Kommunalwahl 2020 in NRW: Nottuln
Zusätzlicher Einzelbewerber für den Gemeinderat

Nottuln -

Jetzt ist es amtlich: Alle fristgerecht bei der Gemeinde eingereichten Wahlvorschläge sind zur Kommunalwahl am 13. September zugelassen. Das hat der Wahlausschuss entschieden. Und es gibt eine Besonderheit.

Donnerstag, 30.07.2020, 20:01 Uhr aktualisiert: 31.07.2020, 18:10 Uhr
Am 13. September wird in Nottuln gewählt.
Am 13. September wird in Nottuln gewählt. Foto: Frank Vogel

Die Kandidatinnen und Kandidaten für das Nottulner Bürgermeisteramt und für einen Sitz im Nottulner Gemeinderat haben eine wichtige Hürde geschafft: Der Wahlausschuss der Gemeinde hat gestern mit zwei einstimmigen Beschlüssen alle eingereichten Wahlvorschläge zur Kommunalwahl am 13. September zugelassen.

Für das Nottulner Bürgermeister kandidieren danach der Schapdettener Dr. Dietmar Thönnes-Richard (vorgeschlagen von CDU , Bündnis 90/ Die Grünen und FDP), die Amtsinhaberin Manuela Mahnke (Einzelbewerberin) und der Nottulner Hubert Maas (Einzelbewerber).

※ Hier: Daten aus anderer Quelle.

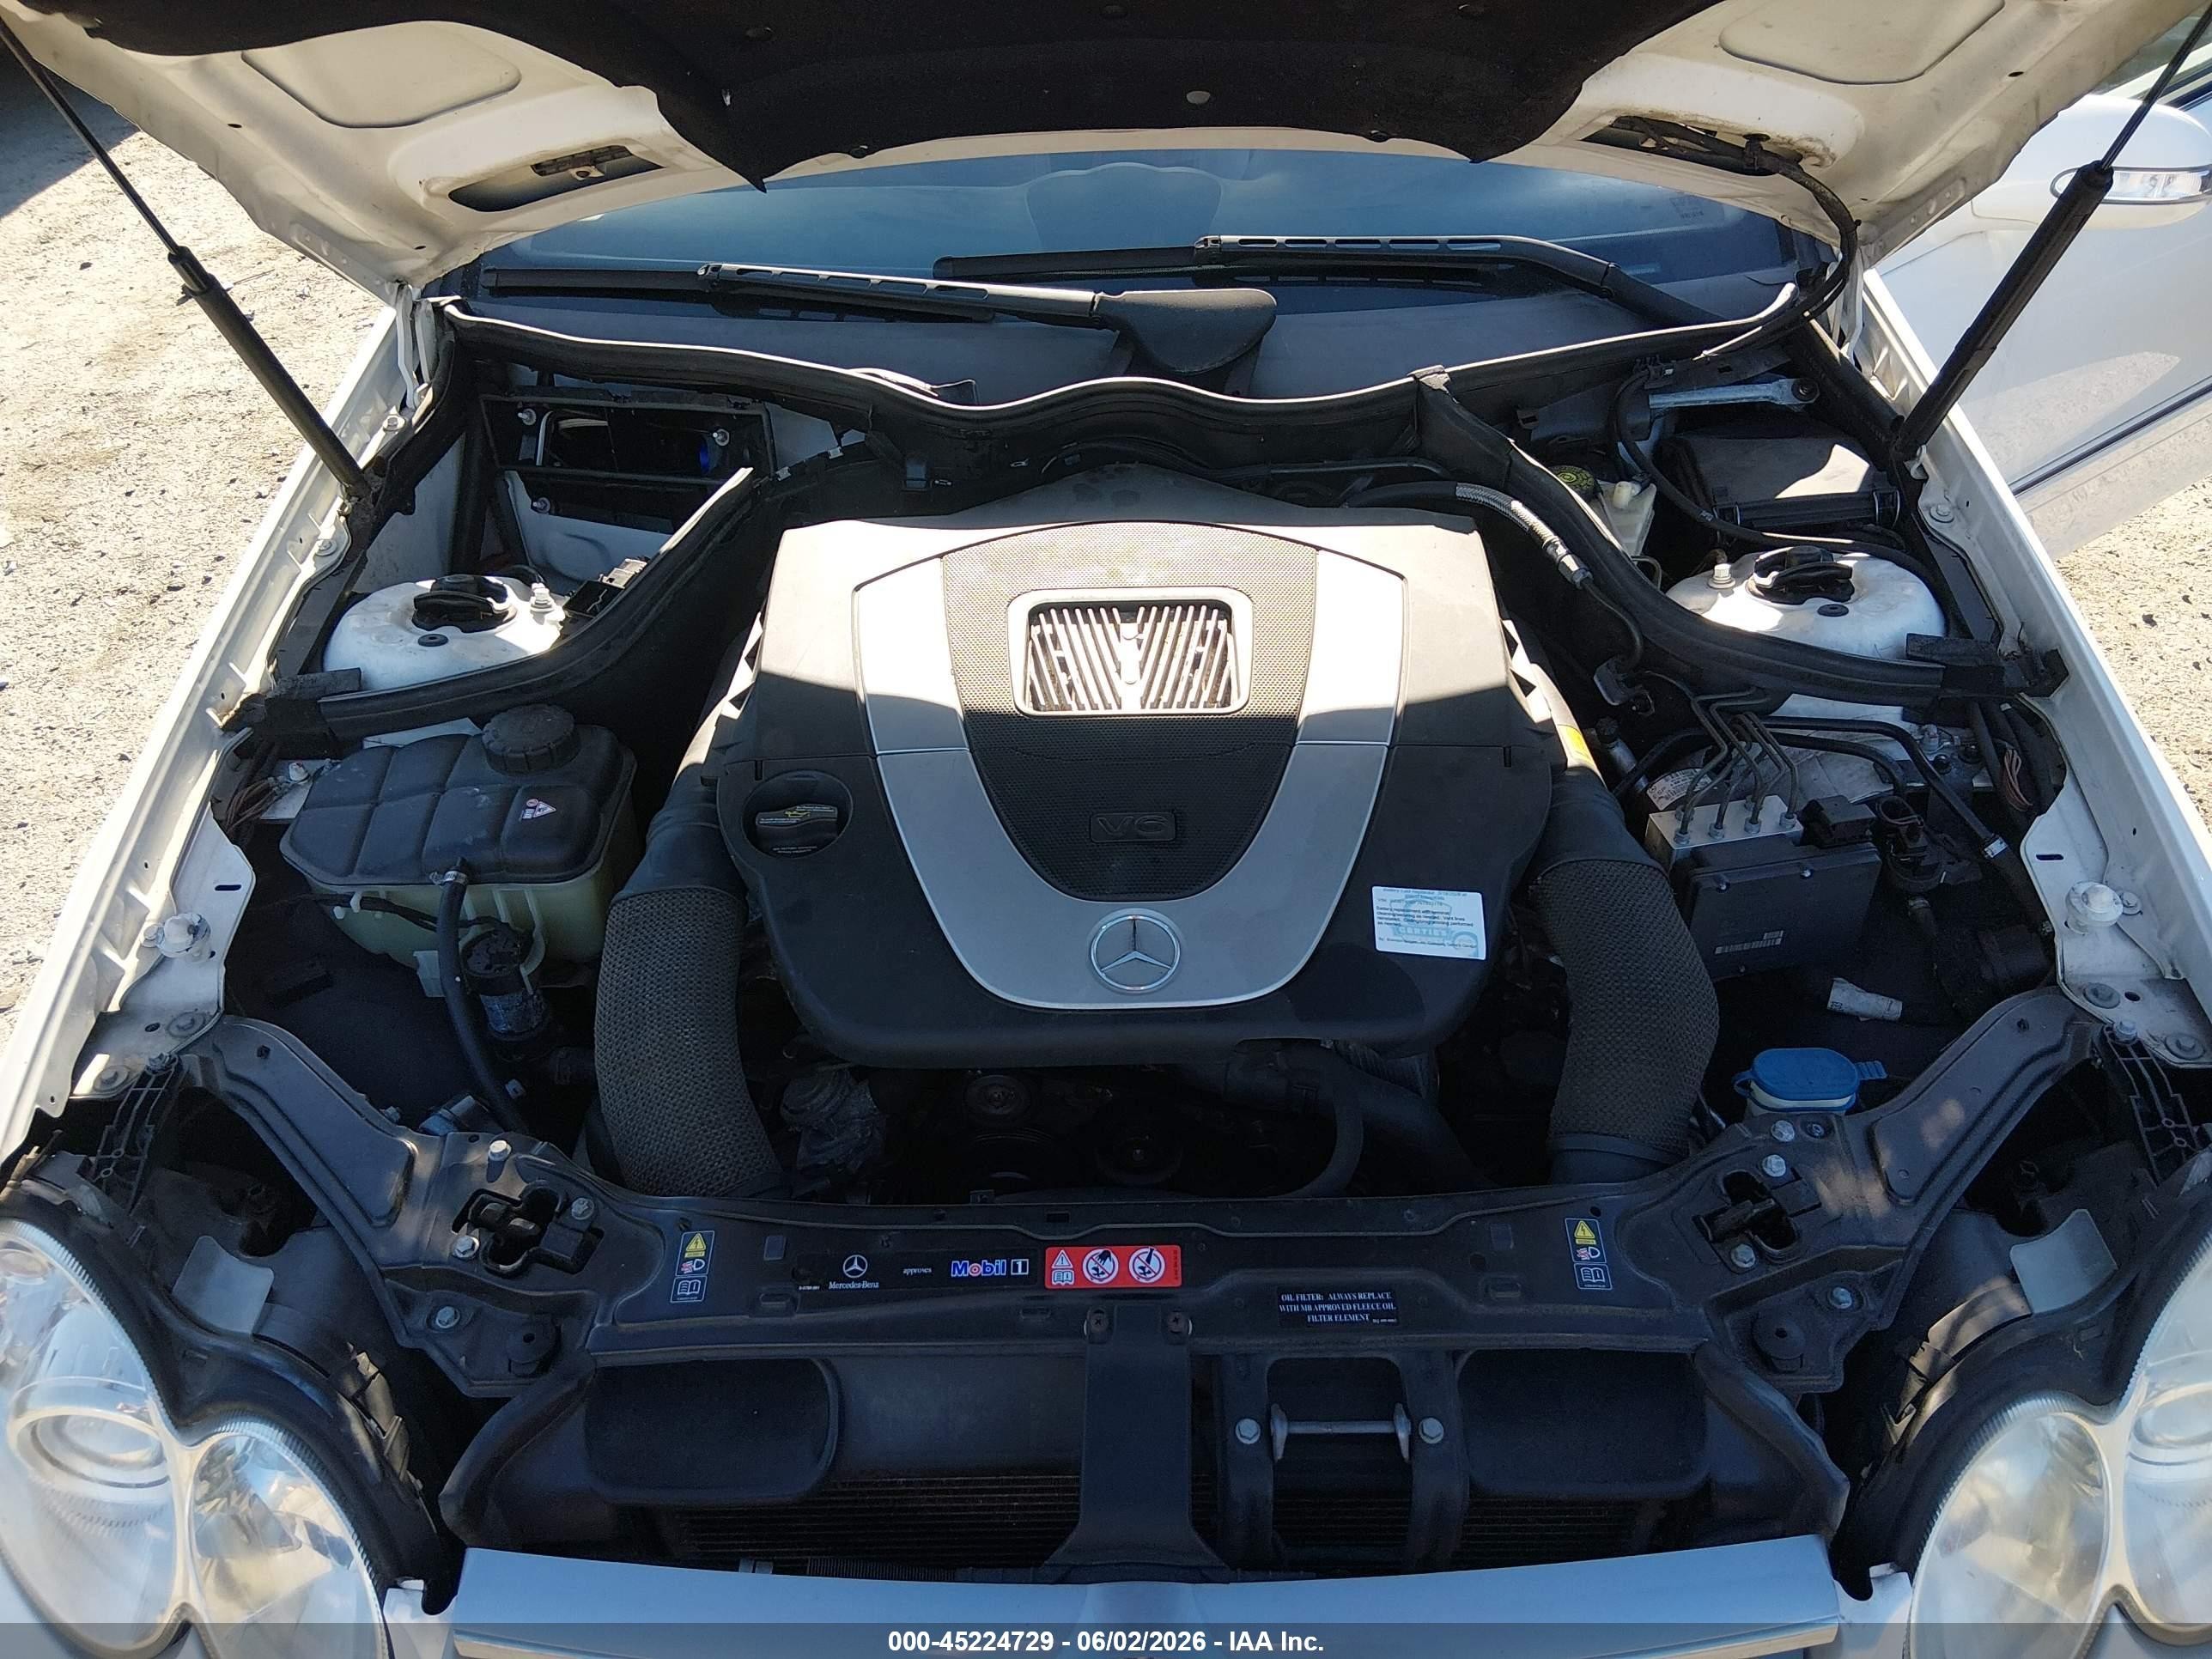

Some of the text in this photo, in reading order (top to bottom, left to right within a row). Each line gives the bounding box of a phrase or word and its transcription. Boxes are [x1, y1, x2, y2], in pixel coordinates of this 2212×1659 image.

[1097, 815, 1169, 837] V6
[829, 1281, 879, 1290] Mercedes-Benz
[902, 1267, 932, 1275] approves
[951, 1260, 1006, 1277] Mobil
[1281, 1292, 1392, 1301] OIL FILTER: ALWAYS REPLACE
[1313, 1304, 1352, 1312] APPROVED
[1307, 1314, 1333, 1322] FILTER
[1334, 1313, 1370, 1322] ELEMENT

Zur Gemeinderatswahl zugelassen wurden die Kandidaten von CDU, SPD, UBG, Bündnis 90/Die Grünen, FDP und der Klimaliste Nottuln. Eine Besonderheit gibt es im Wahlbezirk 2, der die Straßen Antonistraße, Finkenweg, Hovestadt, Kalbhenstraße, Kolpingstraße, Lerchenhain, Martinistraße, Steinstraße und den Wittgeistkamp umfasst. In diesem Wahlbezirk, in dem 1087 Wahlberechtigte leben, tritt mit Dr. Bernhard Schulze Langenhorst ein Einzelbewerber als siebter Kandidat an. Der Nottulner ist vielen bekannt durch sein Engagement im Schlaun Cirkel und in der Bürgerinitiative „Südlich Lerchenhain“.

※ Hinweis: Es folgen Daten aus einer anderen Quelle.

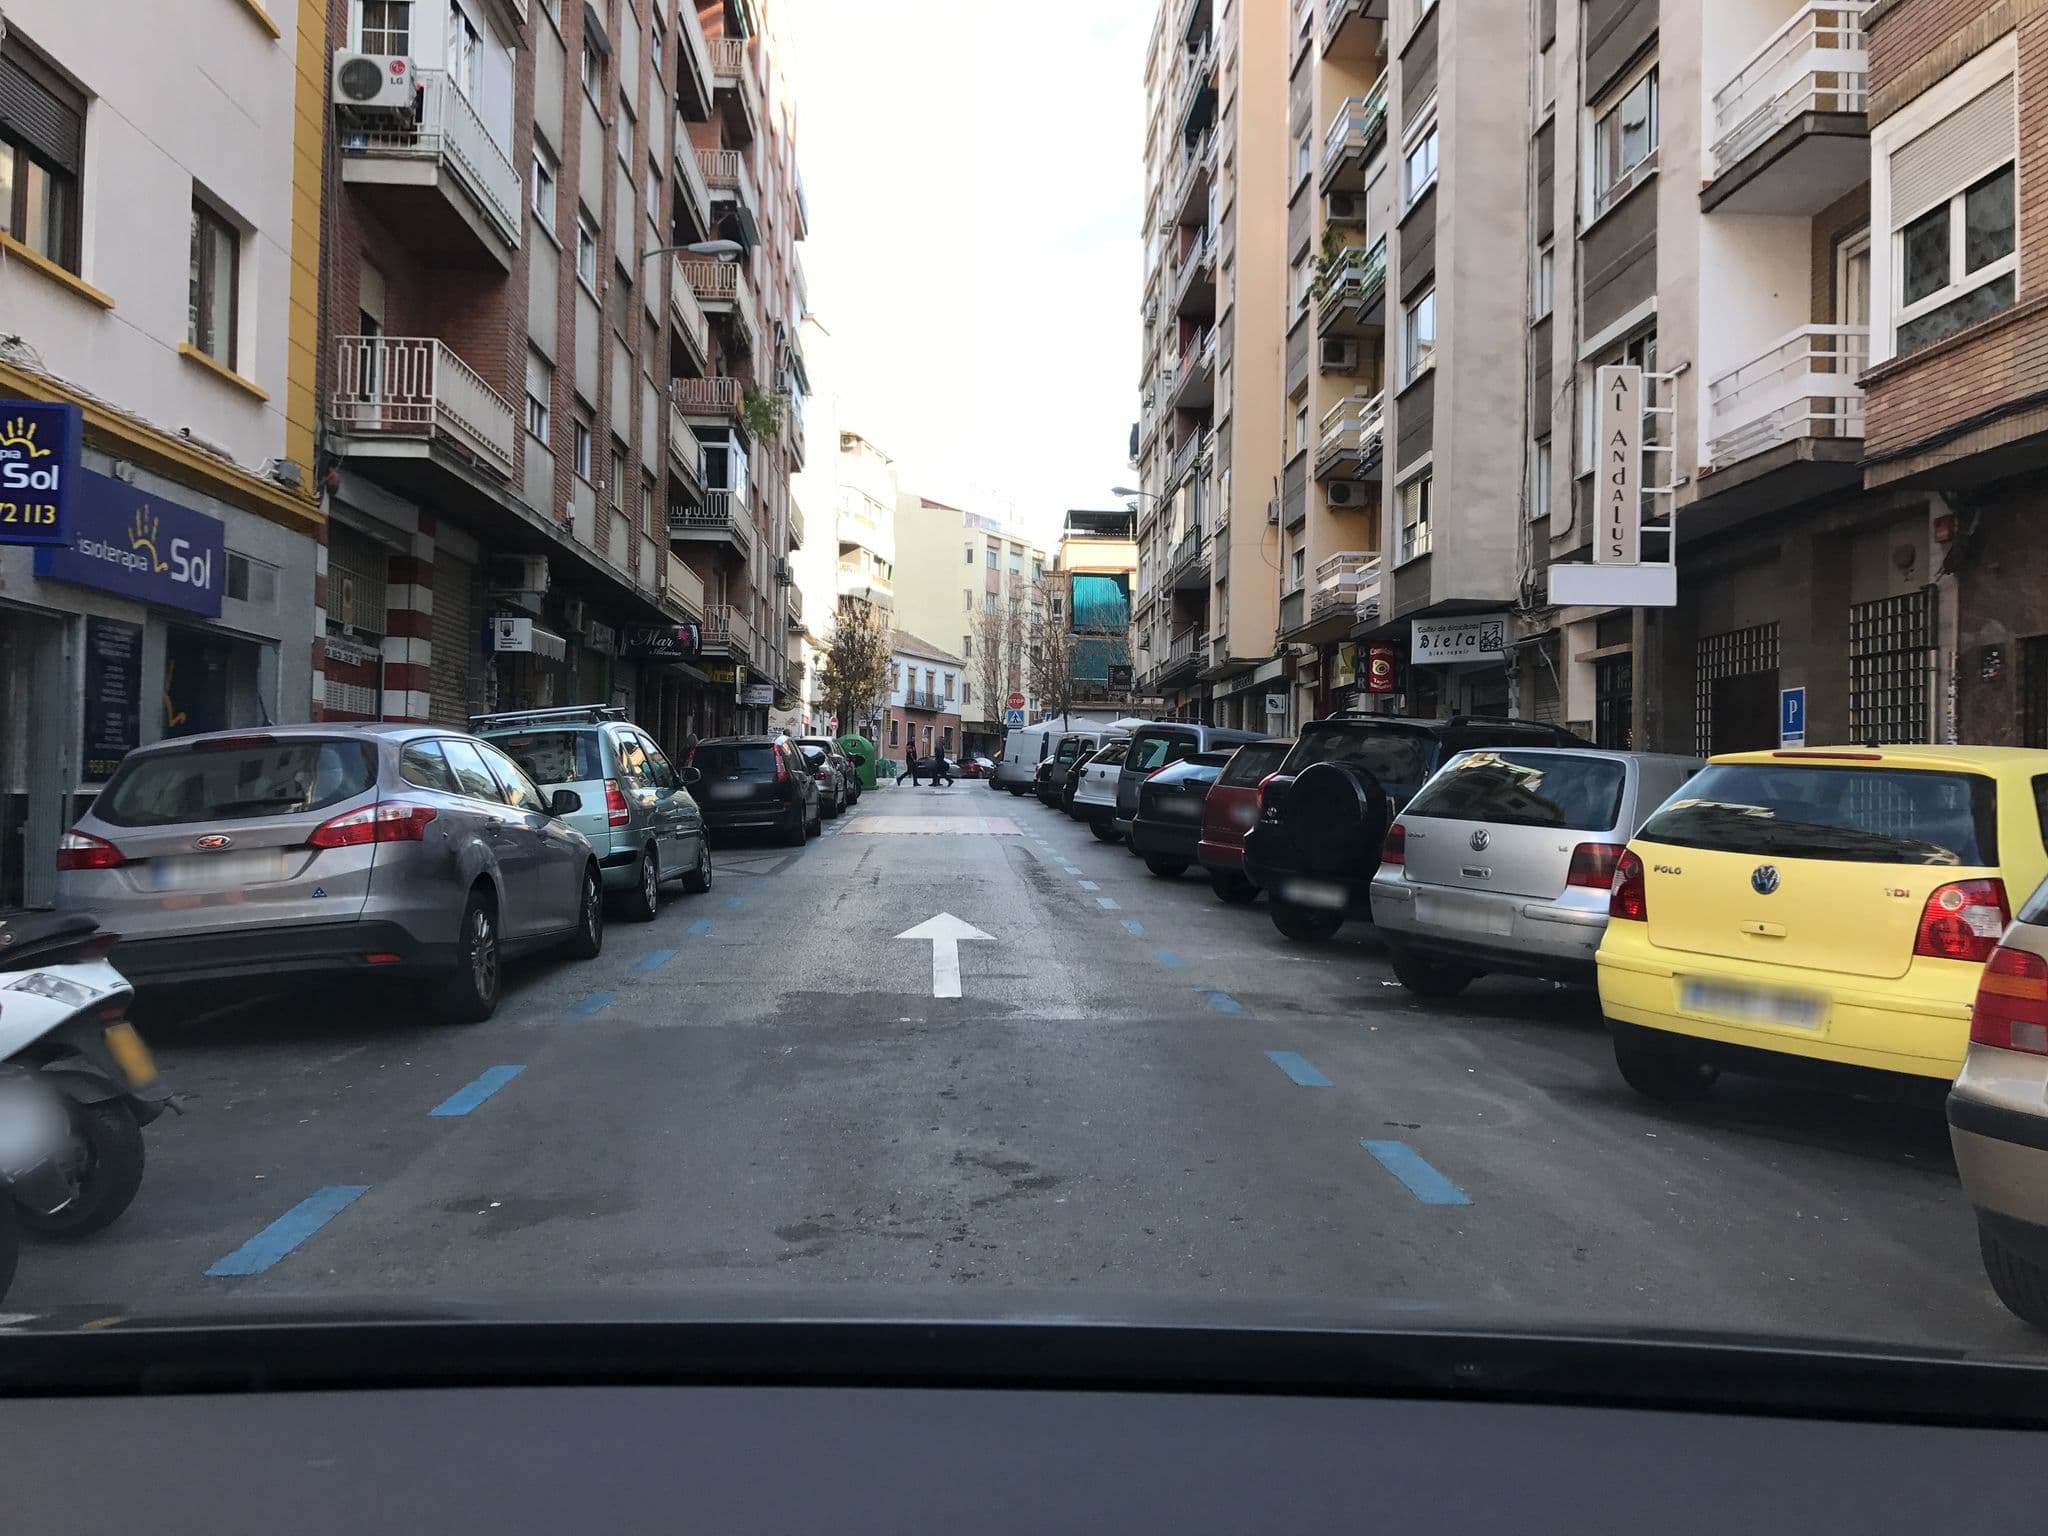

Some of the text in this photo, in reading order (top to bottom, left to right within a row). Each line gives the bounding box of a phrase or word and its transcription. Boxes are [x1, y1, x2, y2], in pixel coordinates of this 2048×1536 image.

[390, 77, 403, 85] LG
[2, 462, 60, 491] Sol
[24, 504, 56, 525] 113
[170, 537, 211, 590] Sol
[630, 628, 674, 648] Mar
[1420, 632, 1476, 649] Biela
[1653, 864, 1682, 875] POLO
[1884, 887, 1910, 898] TDI

Beigeordnete Doris Block als Wahlleiterin wies in der nur zehn Minuten dauernden Sitzung darauf hin, dass die Gemeindeverwaltung die Einhaltung aller Formalitäten geprüft habe. So wurden insbesondere die Unterstützungsunterschriften geprüft, die notwendig waren für die Kandidatur von Hubert Maas, für die Kandidaten der Klimaliste und für den Einzelbewerber Dr. Bernhard Schulze Langenhorst.

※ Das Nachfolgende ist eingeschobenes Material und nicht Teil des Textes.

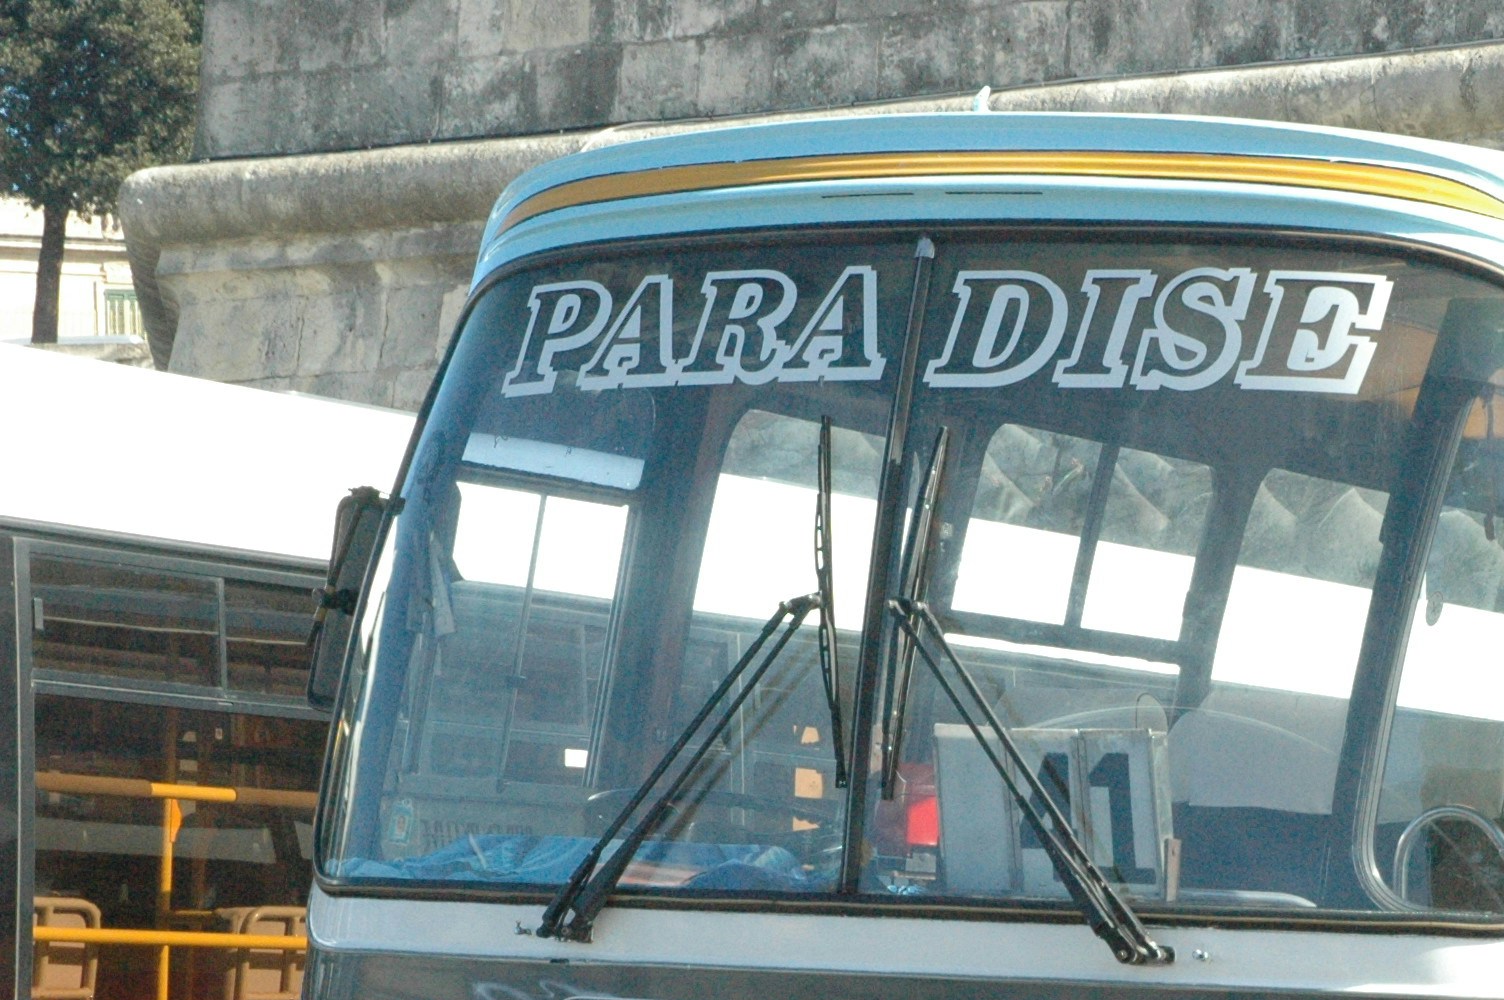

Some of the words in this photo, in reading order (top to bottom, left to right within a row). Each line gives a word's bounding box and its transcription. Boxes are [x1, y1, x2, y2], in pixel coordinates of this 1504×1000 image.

[503, 266, 886, 397] PARA
[924, 267, 1394, 395] DISE
[1020, 752, 1157, 885] 41

Bezüglich der neuen Klimaliste Nottuln, die erstmals zu einer Wahl antritt, waren weitere Formalitäten zu prüfen. So musste die Klimaliste zum Beispiel auch ihr Programm und ihre Satzung vorlegen. Einen Verstoß gegen die freiheitliche demokratische Grundordnung entdeckte die Verwaltung nicht, weshalb auch die Klimaliste für die Zulassung zur Wahl vorgeschlagen wurde.

Jetzt haben die rund 16 500 Wahlberechtigten in der Gemeinde die Wahl.